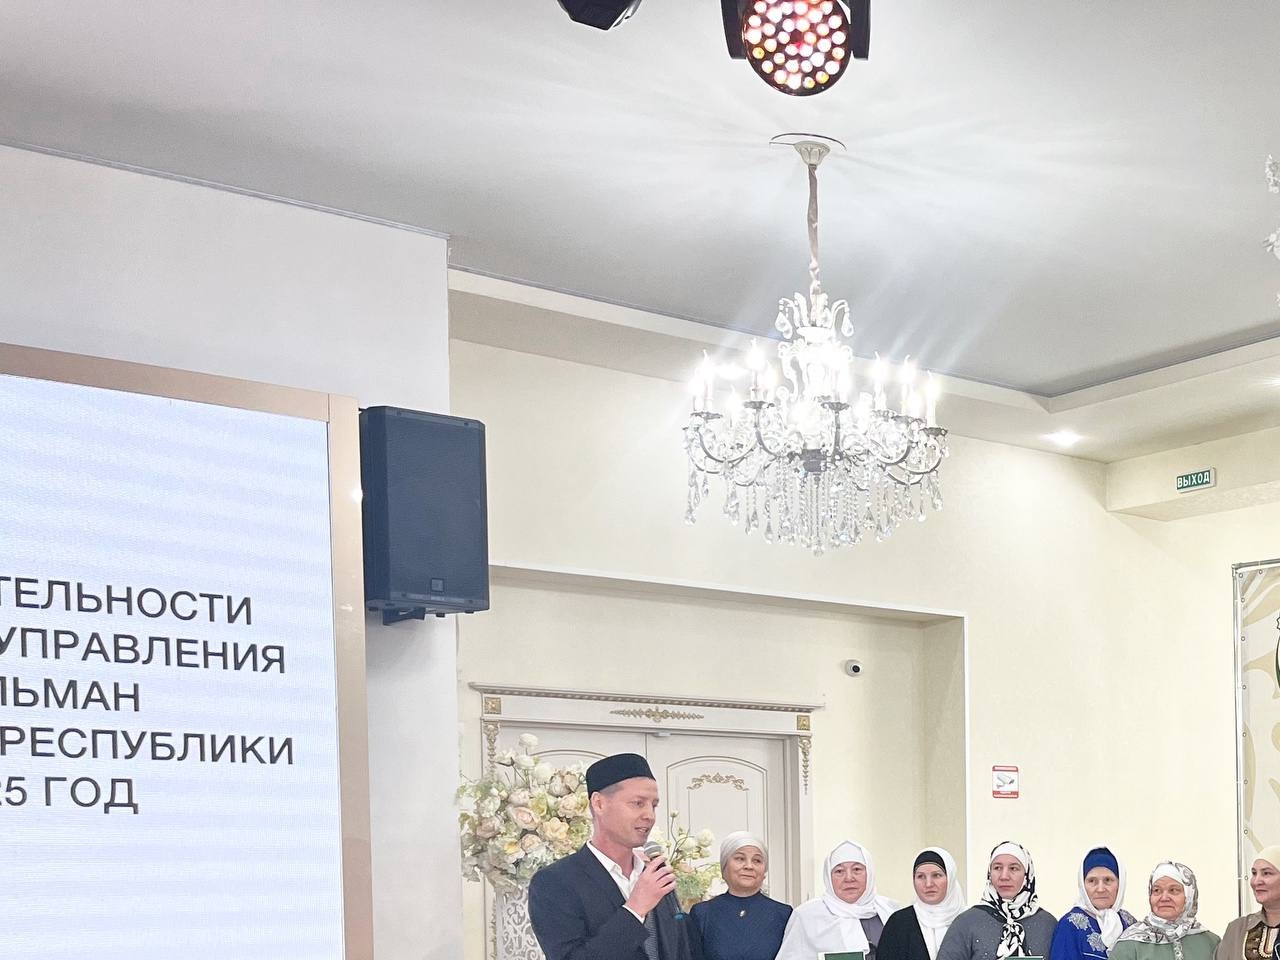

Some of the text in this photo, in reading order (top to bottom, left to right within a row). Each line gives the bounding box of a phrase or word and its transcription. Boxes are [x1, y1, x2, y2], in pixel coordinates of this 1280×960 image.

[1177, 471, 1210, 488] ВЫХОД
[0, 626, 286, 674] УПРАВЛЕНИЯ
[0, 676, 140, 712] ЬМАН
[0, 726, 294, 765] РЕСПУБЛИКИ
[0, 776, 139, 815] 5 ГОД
--
TASK DIRECTIONS
The data is to be printed again exactly, but without its pictures.

EXERCISE RESPONSE
Some of the text in this photo, in reading order (top to bottom, left to right within a row). Each line gives the bounding box of a phrase or word and its transcription. Boxes are [x1, y1, x2, y2], in pixel coordinates of this 1280×960 image.

[1177, 471, 1210, 488] ВЫХОД
[0, 626, 286, 674] УПРАВЛЕНИЯ
[0, 676, 140, 712] ЬМАН
[0, 726, 294, 765] РЕСПУБЛИКИ
[0, 776, 139, 815] 5 ГОД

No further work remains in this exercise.